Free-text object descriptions

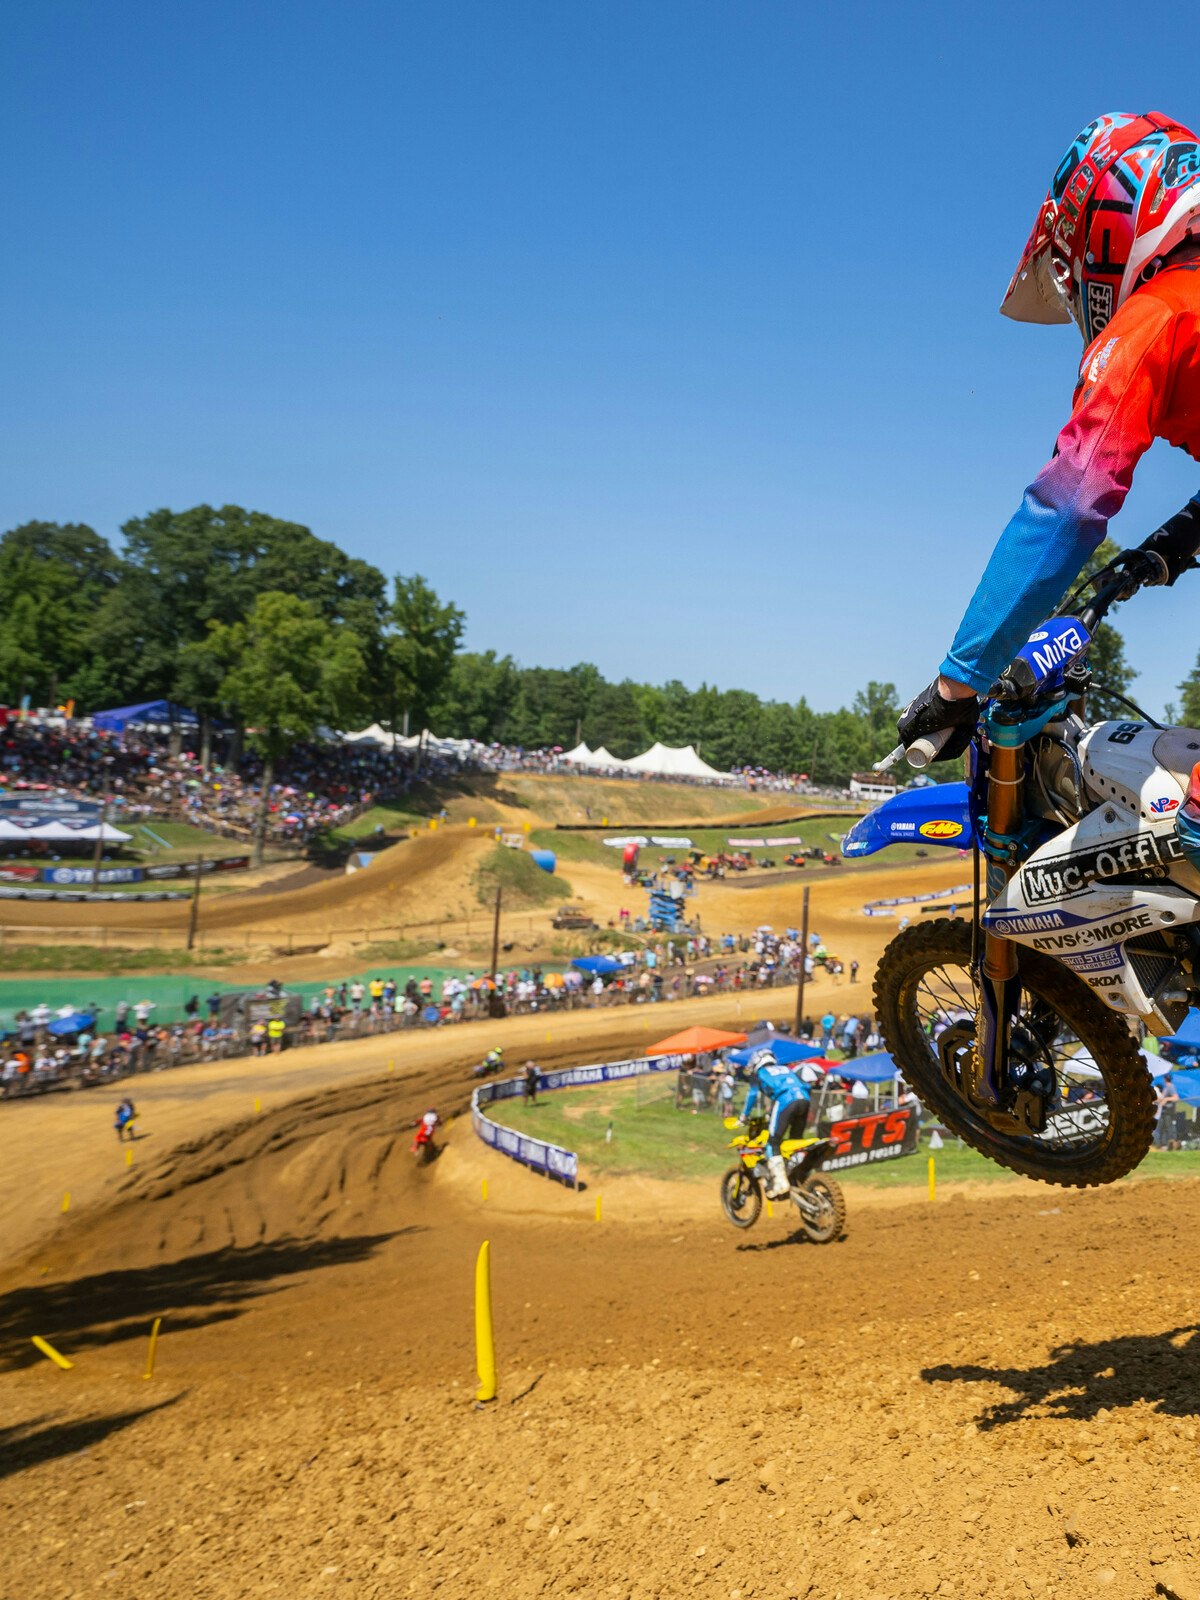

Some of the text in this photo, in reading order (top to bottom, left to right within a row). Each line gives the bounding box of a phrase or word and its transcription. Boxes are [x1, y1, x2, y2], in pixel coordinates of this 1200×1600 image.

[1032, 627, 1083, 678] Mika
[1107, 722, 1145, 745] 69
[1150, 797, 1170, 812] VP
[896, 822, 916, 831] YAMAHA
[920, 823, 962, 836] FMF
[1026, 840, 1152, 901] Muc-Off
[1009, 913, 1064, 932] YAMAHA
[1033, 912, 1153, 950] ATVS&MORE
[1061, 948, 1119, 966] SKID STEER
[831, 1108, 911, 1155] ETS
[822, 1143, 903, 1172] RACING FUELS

Your assignment: Give back every entry in its exact wording, leaving the pictures out.

Solution below:
Some of the text in this photo, in reading order (top to bottom, left to right within a row). Each line gives the bounding box of a phrase or word and its transcription. Boxes are [x1, y1, x2, y2], in pixel coordinates of this 1200×1600 image.

[1032, 627, 1083, 678] Mika
[1107, 722, 1145, 745] 69
[1150, 797, 1170, 812] VP
[896, 822, 916, 831] YAMAHA
[920, 823, 962, 836] FMF
[1026, 840, 1152, 901] Muc-Off
[1009, 913, 1064, 932] YAMAHA
[1033, 912, 1153, 950] ATVS&MORE
[1061, 948, 1119, 966] SKID STEER
[831, 1108, 911, 1155] ETS
[822, 1143, 903, 1172] RACING FUELS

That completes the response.